__Entries supplied__.
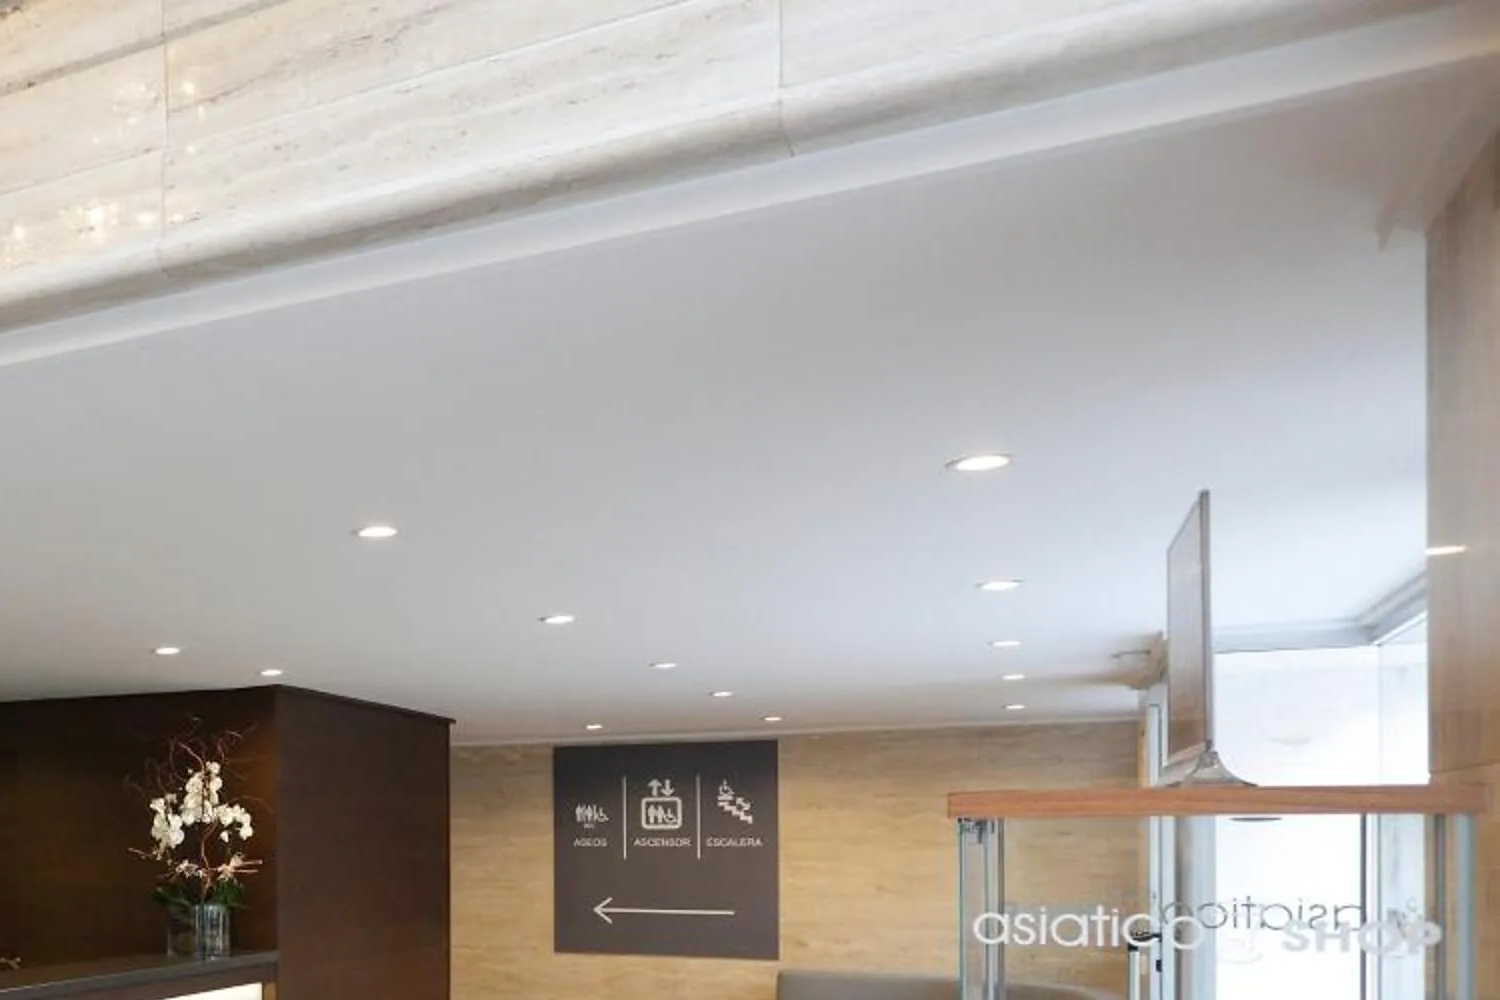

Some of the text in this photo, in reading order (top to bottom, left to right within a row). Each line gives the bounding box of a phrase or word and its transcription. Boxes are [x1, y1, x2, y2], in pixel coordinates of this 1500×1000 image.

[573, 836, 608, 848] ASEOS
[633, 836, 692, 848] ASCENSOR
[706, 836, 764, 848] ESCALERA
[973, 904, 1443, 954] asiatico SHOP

__Task to carry out__.
Copy every line above exactly; images stay out.

__Written answer__.
Some of the text in this photo, in reading order (top to bottom, left to right within a row). Each line gives the bounding box of a phrase or word and its transcription. Boxes are [x1, y1, x2, y2], in pixel coordinates of this 1500×1000 image.

[573, 836, 608, 848] ASEOS
[633, 836, 692, 848] ASCENSOR
[706, 836, 764, 848] ESCALERA
[973, 904, 1443, 954] asiatico SHOP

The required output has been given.